━━━━━ Records for the exercise

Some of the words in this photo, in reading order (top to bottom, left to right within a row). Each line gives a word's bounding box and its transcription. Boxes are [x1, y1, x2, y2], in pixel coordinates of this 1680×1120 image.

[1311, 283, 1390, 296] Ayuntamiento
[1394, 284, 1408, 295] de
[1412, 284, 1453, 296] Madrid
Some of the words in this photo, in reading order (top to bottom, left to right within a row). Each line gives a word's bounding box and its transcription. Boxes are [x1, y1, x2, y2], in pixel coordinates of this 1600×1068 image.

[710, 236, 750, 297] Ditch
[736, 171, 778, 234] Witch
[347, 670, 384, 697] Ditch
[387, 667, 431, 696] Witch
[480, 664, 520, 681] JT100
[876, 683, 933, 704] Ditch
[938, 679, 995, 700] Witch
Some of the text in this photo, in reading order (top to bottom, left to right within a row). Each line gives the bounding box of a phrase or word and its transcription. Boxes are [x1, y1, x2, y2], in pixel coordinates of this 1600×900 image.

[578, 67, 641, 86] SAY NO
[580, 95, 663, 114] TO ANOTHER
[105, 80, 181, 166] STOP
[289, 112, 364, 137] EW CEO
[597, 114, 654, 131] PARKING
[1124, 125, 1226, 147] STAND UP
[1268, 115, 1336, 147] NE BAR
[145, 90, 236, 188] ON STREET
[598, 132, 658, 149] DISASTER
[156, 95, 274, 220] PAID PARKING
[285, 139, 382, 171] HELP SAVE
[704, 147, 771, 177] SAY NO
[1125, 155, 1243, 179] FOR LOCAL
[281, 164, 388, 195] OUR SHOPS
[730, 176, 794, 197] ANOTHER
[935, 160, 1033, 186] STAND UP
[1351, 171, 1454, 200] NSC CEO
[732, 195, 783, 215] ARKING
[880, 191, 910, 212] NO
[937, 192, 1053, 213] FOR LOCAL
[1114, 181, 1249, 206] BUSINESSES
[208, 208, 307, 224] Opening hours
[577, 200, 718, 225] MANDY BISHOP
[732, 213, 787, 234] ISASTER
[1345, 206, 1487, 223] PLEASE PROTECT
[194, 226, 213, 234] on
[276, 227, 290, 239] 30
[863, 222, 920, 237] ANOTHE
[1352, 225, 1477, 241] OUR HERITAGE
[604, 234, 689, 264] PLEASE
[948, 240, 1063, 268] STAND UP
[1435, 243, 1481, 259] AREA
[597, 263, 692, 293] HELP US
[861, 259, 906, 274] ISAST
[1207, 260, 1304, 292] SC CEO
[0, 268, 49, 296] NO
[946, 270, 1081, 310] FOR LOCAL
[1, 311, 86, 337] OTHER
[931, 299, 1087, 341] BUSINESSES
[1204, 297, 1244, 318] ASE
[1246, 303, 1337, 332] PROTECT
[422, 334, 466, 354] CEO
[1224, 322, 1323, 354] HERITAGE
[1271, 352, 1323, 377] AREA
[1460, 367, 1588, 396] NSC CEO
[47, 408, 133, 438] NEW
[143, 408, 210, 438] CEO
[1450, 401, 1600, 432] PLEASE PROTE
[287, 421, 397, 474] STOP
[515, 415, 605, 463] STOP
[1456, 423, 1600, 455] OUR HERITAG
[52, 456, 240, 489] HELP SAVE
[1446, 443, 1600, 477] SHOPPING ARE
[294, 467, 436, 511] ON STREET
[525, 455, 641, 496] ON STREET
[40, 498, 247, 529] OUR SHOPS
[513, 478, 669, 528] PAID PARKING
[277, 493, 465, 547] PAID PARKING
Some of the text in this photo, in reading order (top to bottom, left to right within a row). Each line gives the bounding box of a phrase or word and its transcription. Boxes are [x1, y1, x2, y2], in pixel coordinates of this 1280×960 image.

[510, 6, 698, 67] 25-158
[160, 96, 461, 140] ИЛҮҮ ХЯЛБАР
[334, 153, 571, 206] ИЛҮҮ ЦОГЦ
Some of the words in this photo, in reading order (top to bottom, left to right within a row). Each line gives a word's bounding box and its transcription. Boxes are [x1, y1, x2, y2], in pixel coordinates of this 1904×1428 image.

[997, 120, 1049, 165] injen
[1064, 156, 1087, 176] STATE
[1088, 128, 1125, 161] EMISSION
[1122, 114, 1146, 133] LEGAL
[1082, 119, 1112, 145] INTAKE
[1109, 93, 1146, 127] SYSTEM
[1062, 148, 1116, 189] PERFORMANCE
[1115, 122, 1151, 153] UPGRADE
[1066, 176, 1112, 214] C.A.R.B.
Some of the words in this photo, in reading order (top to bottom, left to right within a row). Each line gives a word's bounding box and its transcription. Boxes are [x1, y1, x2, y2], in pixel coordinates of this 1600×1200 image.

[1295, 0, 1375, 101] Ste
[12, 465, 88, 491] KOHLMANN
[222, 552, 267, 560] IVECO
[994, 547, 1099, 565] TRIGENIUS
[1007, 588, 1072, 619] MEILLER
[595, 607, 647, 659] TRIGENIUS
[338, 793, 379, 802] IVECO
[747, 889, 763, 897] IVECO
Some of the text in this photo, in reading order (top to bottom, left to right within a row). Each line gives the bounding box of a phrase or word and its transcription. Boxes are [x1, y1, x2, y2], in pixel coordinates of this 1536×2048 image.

━━━━━━━━━━

• **Brief**:
Please set down the entire material above exactly as presented.

• **Exercise answer**:
Some of the words in this photo, in reading order (top to bottom, left to right within a row). Each line gives a word's bounding box and its transcription. Boxes are [x1, y1, x2, y2], in pixel coordinates of this 1680×1120 image.

[1311, 283, 1390, 296] Ayuntamiento
[1394, 284, 1408, 295] de
[1412, 284, 1453, 296] Madrid
Some of the words in this photo, in reading order (top to bottom, left to right within a row). Each line gives a word's bounding box and its transcription. Boxes are [x1, y1, x2, y2], in pixel coordinates of this 1600×1068 image.

[710, 236, 750, 297] Ditch
[736, 171, 778, 234] Witch
[347, 670, 384, 697] Ditch
[387, 667, 431, 696] Witch
[480, 664, 520, 681] JT100
[876, 683, 933, 704] Ditch
[938, 679, 995, 700] Witch
Some of the text in this photo, in reading order (top to bottom, left to right within a row). Each line gives the bounding box of a phrase or word and its transcription. Boxes are [x1, y1, x2, y2], in pixel coordinates of this 1600×900 image.

[578, 67, 641, 86] SAY NO
[580, 95, 663, 114] TO ANOTHER
[105, 80, 181, 166] STOP
[289, 112, 364, 137] EW CEO
[597, 114, 654, 131] PARKING
[1124, 125, 1226, 147] STAND UP
[1268, 115, 1336, 147] NE BAR
[145, 90, 236, 188] ON STREET
[598, 132, 658, 149] DISASTER
[156, 95, 274, 220] PAID PARKING
[285, 139, 382, 171] HELP SAVE
[704, 147, 771, 177] SAY NO
[1125, 155, 1243, 179] FOR LOCAL
[281, 164, 388, 195] OUR SHOPS
[730, 176, 794, 197] ANOTHER
[935, 160, 1033, 186] STAND UP
[1351, 171, 1454, 200] NSC CEO
[732, 195, 783, 215] ARKING
[880, 191, 910, 212] NO
[937, 192, 1053, 213] FOR LOCAL
[1114, 181, 1249, 206] BUSINESSES
[208, 208, 307, 224] Opening hours
[577, 200, 718, 225] MANDY BISHOP
[732, 213, 787, 234] ISASTER
[1345, 206, 1487, 223] PLEASE PROTECT
[194, 226, 213, 234] on
[276, 227, 290, 239] 30
[863, 222, 920, 237] ANOTHE
[1352, 225, 1477, 241] OUR HERITAGE
[604, 234, 689, 264] PLEASE
[948, 240, 1063, 268] STAND UP
[1435, 243, 1481, 259] AREA
[597, 263, 692, 293] HELP US
[861, 259, 906, 274] ISAST
[1207, 260, 1304, 292] SC CEO
[0, 268, 49, 296] NO
[946, 270, 1081, 310] FOR LOCAL
[1, 311, 86, 337] OTHER
[931, 299, 1087, 341] BUSINESSES
[1204, 297, 1244, 318] ASE
[1246, 303, 1337, 332] PROTECT
[422, 334, 466, 354] CEO
[1224, 322, 1323, 354] HERITAGE
[1271, 352, 1323, 377] AREA
[1460, 367, 1588, 396] NSC CEO
[47, 408, 133, 438] NEW
[143, 408, 210, 438] CEO
[1450, 401, 1600, 432] PLEASE PROTE
[287, 421, 397, 474] STOP
[515, 415, 605, 463] STOP
[1456, 423, 1600, 455] OUR HERITAG
[52, 456, 240, 489] HELP SAVE
[1446, 443, 1600, 477] SHOPPING ARE
[294, 467, 436, 511] ON STREET
[525, 455, 641, 496] ON STREET
[40, 498, 247, 529] OUR SHOPS
[513, 478, 669, 528] PAID PARKING
[277, 493, 465, 547] PAID PARKING
Some of the text in this photo, in reading order (top to bottom, left to right within a row). Each line gives the bounding box of a phrase or word and its transcription. Boxes are [x1, y1, x2, y2], in pixel coordinates of this 1280×960 image.

[510, 6, 698, 67] 25-158
[160, 96, 461, 140] ИЛҮҮ ХЯЛБАР
[334, 153, 571, 206] ИЛҮҮ ЦОГЦ
Some of the words in this photo, in reading order (top to bottom, left to right within a row). Each line gives a word's bounding box and its transcription. Boxes are [x1, y1, x2, y2], in pixel coordinates of this 1904×1428 image.

[997, 120, 1049, 165] injen
[1064, 156, 1087, 176] STATE
[1088, 128, 1125, 161] EMISSION
[1122, 114, 1146, 133] LEGAL
[1082, 119, 1112, 145] INTAKE
[1109, 93, 1146, 127] SYSTEM
[1062, 148, 1116, 189] PERFORMANCE
[1115, 122, 1151, 153] UPGRADE
[1066, 176, 1112, 214] C.A.R.B.
Some of the words in this photo, in reading order (top to bottom, left to right within a row). Each line gives a word's bounding box and its transcription. Boxes are [x1, y1, x2, y2], in pixel coordinates of this 1600×1200 image.

[1295, 0, 1375, 101] Ste
[12, 465, 88, 491] KOHLMANN
[222, 552, 267, 560] IVECO
[994, 547, 1099, 565] TRIGENIUS
[1007, 588, 1072, 619] MEILLER
[595, 607, 647, 659] TRIGENIUS
[338, 793, 379, 802] IVECO
[747, 889, 763, 897] IVECO
Some of the text in this photo, in reading order (top to bottom, left to right within a row). Each line gives the bounding box of a phrase or word and its transcription. Boxes are [x1, y1, x2, y2], in pixel coordinates of this 1536×2048 image.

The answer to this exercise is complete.